In 2015, content changes in the exam were instituted to make it discipline-specific, with a plan of weaving general engineering subject matter (e.g. math and science fundamentals) throughout the exam. Less of the "full breadth" of most traditional engineering undergraduate curricula will be captured with this approach - such as the broad math and science foundation spanning chemistry, physics, mechanics (i.e. statics and dynamics), materials science, computer science, electronics/circuits, engineering design, and the standard range of engineering mathematics (i.e. calculus, differential equations, statistics). A concern was that, while most undergraduate engineering students are in fact exposed to most of these subjects, they may not necessarily take courses in specialized topics such as thermodynamics and fluid mechanics.
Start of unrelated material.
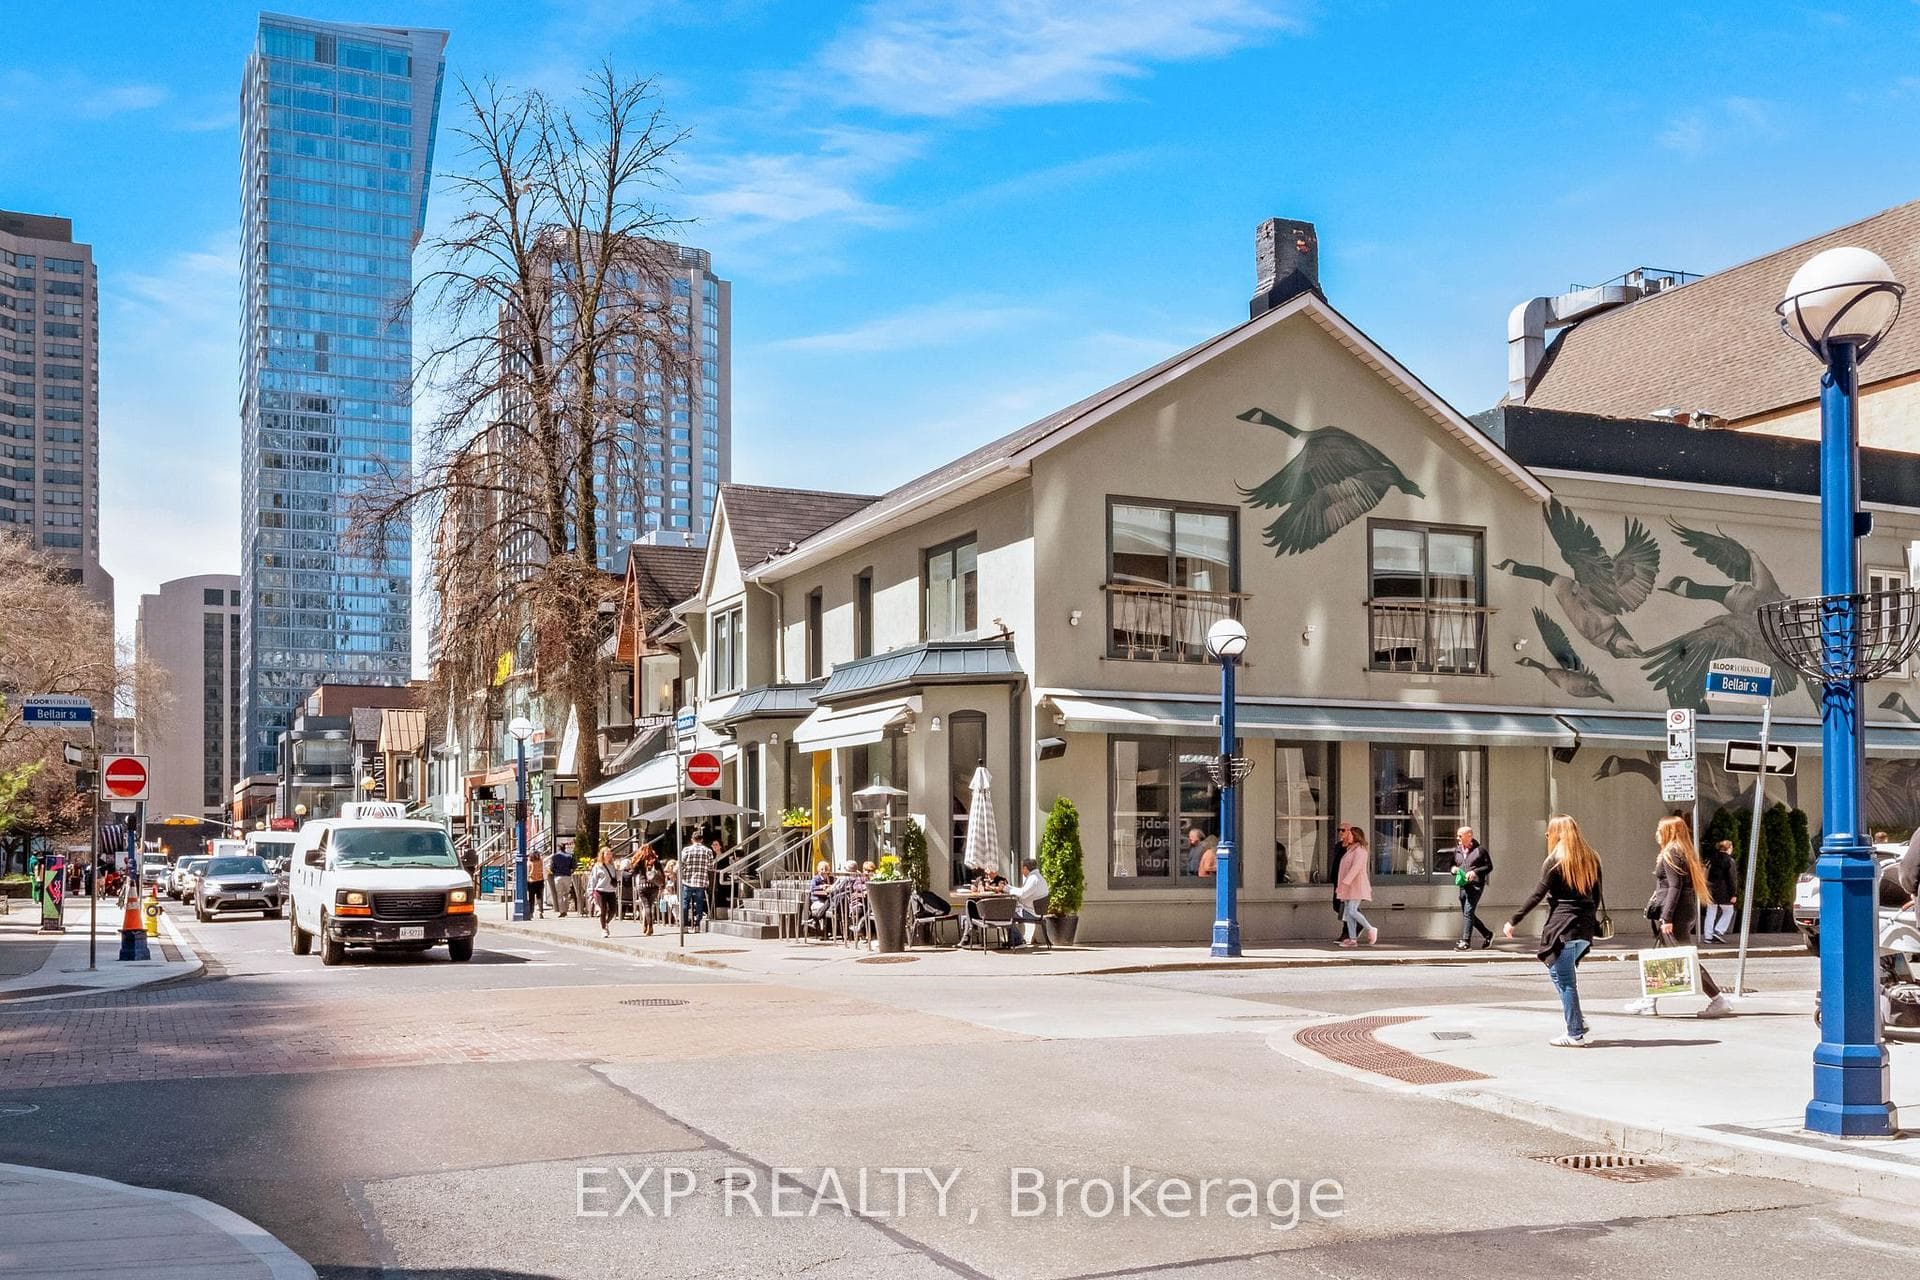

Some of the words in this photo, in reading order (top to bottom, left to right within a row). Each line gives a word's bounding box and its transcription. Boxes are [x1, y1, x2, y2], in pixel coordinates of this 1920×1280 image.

Since July 2020, the NCEES has made updates across all FE exam disciplines. For example, the topic "Computational Tools" was removed for the civil and mechanical disciplines. In other cases, topics and subtopics have been merged or combined. The NCEES also published an updated version of the tenth edition of the FE Reference Handbook. The handbook was revised incorporating a coherent single-page layout instead of a two-column layout, the addition and removal of a few new equations, and updated FE Exam Specifications.

== License ==
Those who pass the exam are sometimes designated Engineer In Training or Engineer Intern depending on their state's licensure board's approach to recognizing those who are partway through the licensure process. Many engineering firms will judge an engineering job applicant based on whether they have passed the FE exam and registered as an EIT. Passing the FE Exam shows that an applicant has not forgotten the basic fundamental engineering principles they learned as an undergraduate student. After obtaining a given amount of work experience (the length of which is set by state law and may be based on the type of degree received), an EIT/EI may qualify to take the Professional Engineer (PE) exam. Actual licensure can then be applied for and awarded upon successful completion of the PE exam. The standard time of work experience (which may need to be under a Professional Engineer) is four years in most US states, for graduates of an ABET-accredited engineering program.

== Passing rates ==
The NCEES posts passing rates biannually on their website with the following criteria:

- Took the FE exam for the first time
- Attended EAC/ABET-accredited engineering programs
- Took the FE exam within 12 months of graduation

The passing rate based on the criteria spans from 63 to 76 percent as of 2021. The organization also posts complete passing rates annually in their Squared: A Year In Numbers report, which includes all examinees. These reports have been available since 2014.

=== Passing scores ===
The exam results are based on the total number of correct answers with no reductions for wrong answers. A scaled score is converted from the original number of correct answers. Examinees take a unique exam generated from a volunteer-sourced NCEES problem bank. The organization does not publish the passing score because it varies slightly based on the difficulty of the exam. If an examinee does not pass an exam, the organization provides a diagnostic report to help them identify the knowledge areas they need to improve before retaking the exam.

==U.S. Patent Office==
Passage of the Fundamentals of Engineering Exam, along with graduation with any bachelor's degree or equivalent, satisfies the United States Patent and Trademark Office (USPTO)'s technical requirements for sitting for its registration examination to become either a registered patent attorney or patent agent.